▶ Task to complete: Word for word, copy out every line of the records, omitting each picture.

(Text-to-region grounding data)
---

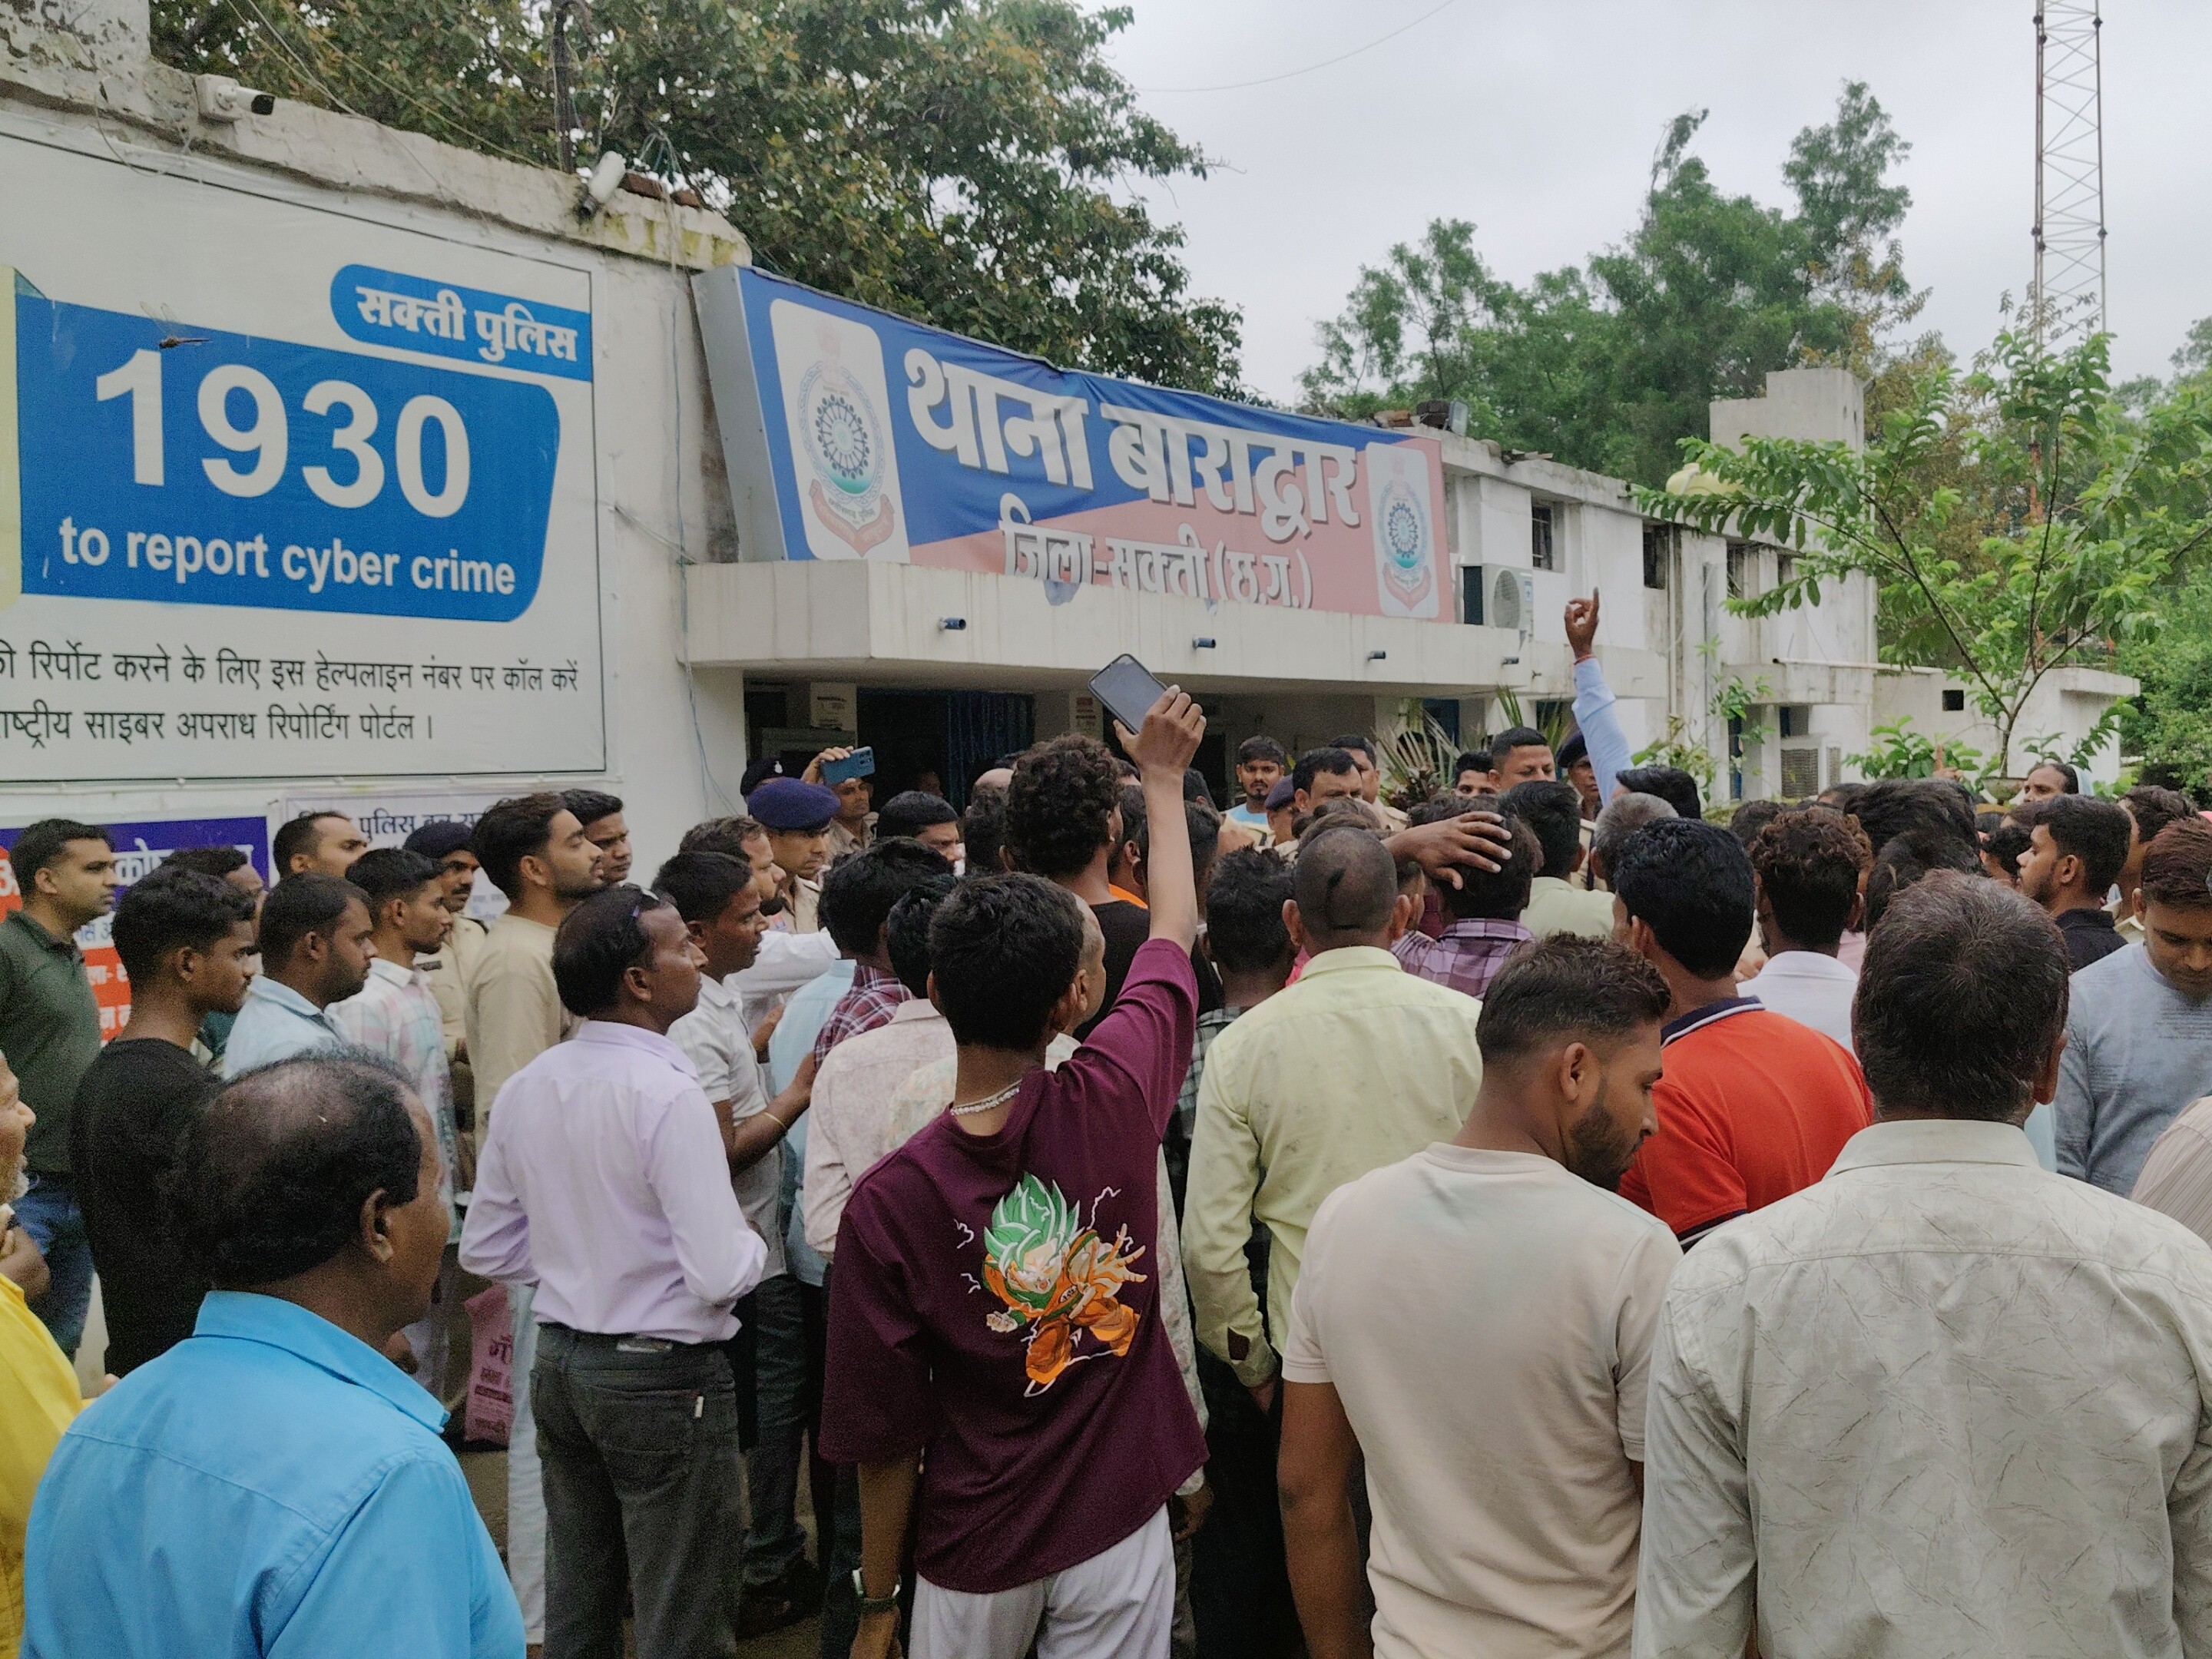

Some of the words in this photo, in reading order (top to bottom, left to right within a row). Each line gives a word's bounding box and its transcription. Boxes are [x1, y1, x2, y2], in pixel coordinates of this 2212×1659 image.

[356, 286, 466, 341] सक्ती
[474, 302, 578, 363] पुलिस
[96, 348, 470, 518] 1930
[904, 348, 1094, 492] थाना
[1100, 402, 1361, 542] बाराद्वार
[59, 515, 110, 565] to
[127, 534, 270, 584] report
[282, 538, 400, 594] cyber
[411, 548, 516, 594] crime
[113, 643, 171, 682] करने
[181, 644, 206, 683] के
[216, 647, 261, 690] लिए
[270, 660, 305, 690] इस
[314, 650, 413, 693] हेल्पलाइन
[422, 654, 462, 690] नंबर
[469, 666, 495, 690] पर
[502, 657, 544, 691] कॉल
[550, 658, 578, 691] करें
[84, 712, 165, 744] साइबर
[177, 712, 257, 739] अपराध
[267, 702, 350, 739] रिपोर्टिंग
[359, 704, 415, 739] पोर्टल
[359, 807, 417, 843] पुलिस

---

▶ Problem solution:
Some of the words in this photo, in reading order (top to bottom, left to right within a row). Each line gives a word's bounding box and its transcription. Boxes are [x1, y1, x2, y2], in pixel coordinates of this 2212×1659 image.

[356, 286, 466, 341] सक्ती
[474, 302, 578, 363] पुलिस
[96, 348, 470, 518] 1930
[904, 348, 1094, 492] थाना
[1100, 402, 1361, 542] बाराद्वार
[59, 515, 110, 565] to
[127, 534, 270, 584] report
[282, 538, 400, 594] cyber
[411, 548, 516, 594] crime
[113, 643, 171, 682] करने
[181, 644, 206, 683] के
[216, 647, 261, 690] लिए
[270, 660, 305, 690] इस
[314, 650, 413, 693] हेल्पलाइन
[422, 654, 462, 690] नंबर
[469, 666, 495, 690] पर
[502, 657, 544, 691] कॉल
[550, 658, 578, 691] करें
[84, 712, 165, 744] साइबर
[177, 712, 257, 739] अपराध
[267, 702, 350, 739] रिपोर्टिंग
[359, 704, 415, 739] पोर्टल
[359, 807, 417, 843] पुलिस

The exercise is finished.